Problem requirements: The listing below should be reproduced exactly, with the pictures omitted.

■ ■ ■

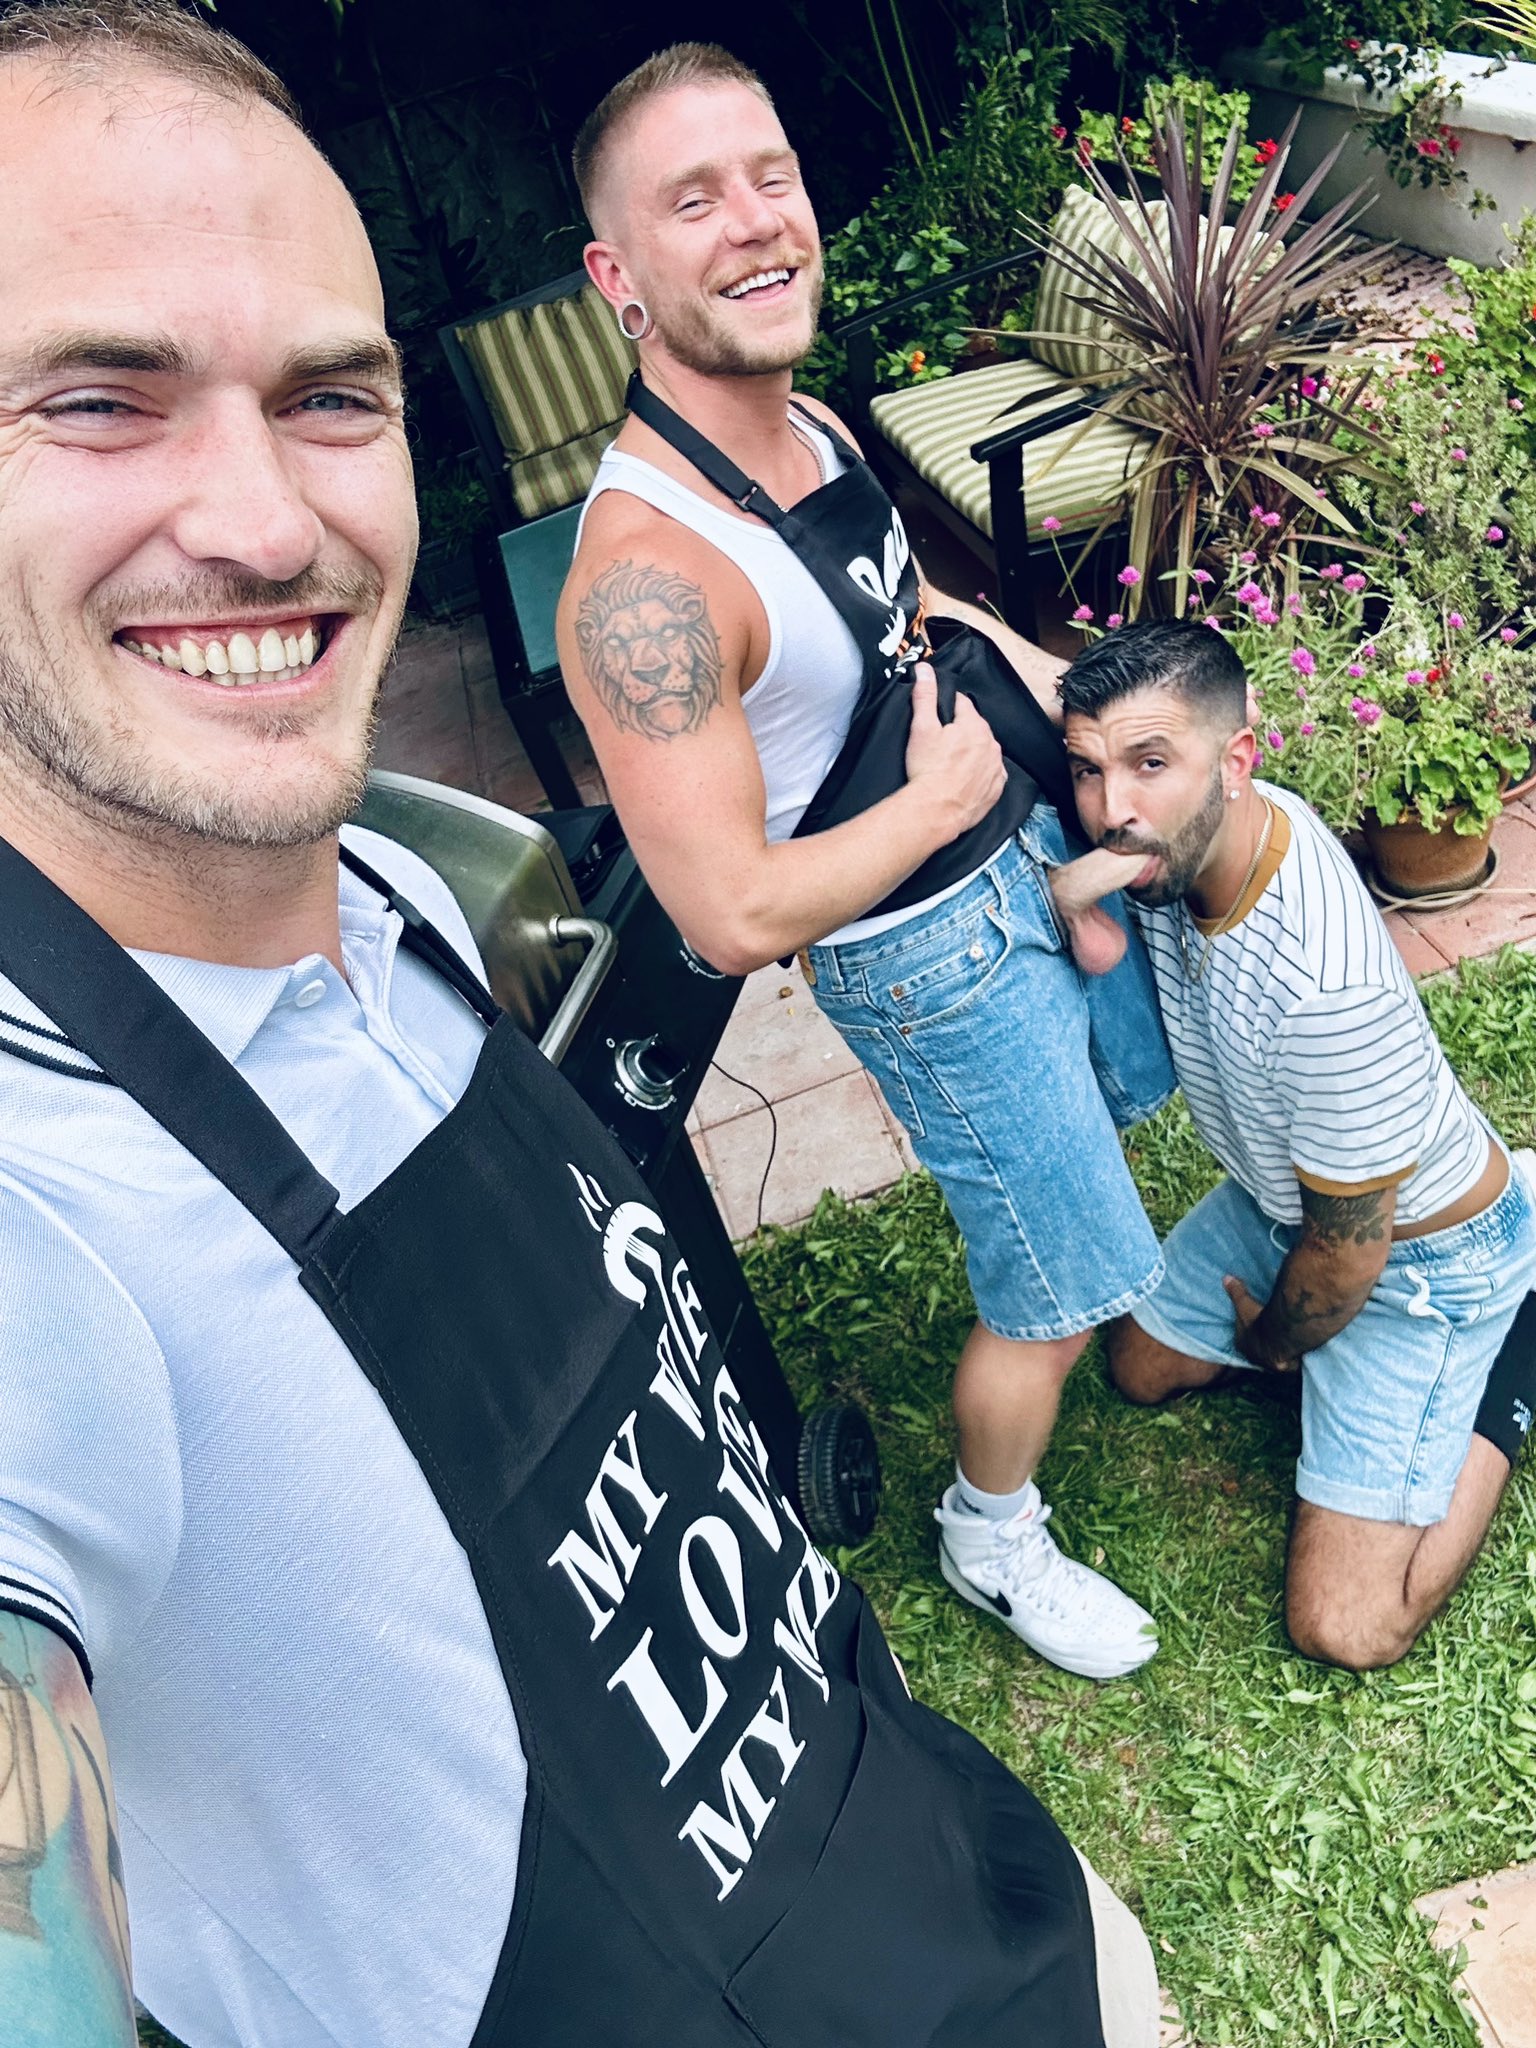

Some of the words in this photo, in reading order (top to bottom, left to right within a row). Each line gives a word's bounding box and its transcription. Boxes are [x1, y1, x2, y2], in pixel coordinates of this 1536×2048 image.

[546, 1409, 669, 1642] MY
[648, 1257, 710, 1442] WIF
[606, 1364, 784, 1788] LOVE
[677, 1665, 806, 1902] MY

■ ■ ■

Response to this task:
Some of the words in this photo, in reading order (top to bottom, left to right within a row). Each line gives a word's bounding box and its transcription. Boxes are [x1, y1, x2, y2], in pixel coordinates of this 1536×2048 image.

[546, 1409, 669, 1642] MY
[648, 1257, 710, 1442] WIF
[606, 1364, 784, 1788] LOVE
[677, 1665, 806, 1902] MY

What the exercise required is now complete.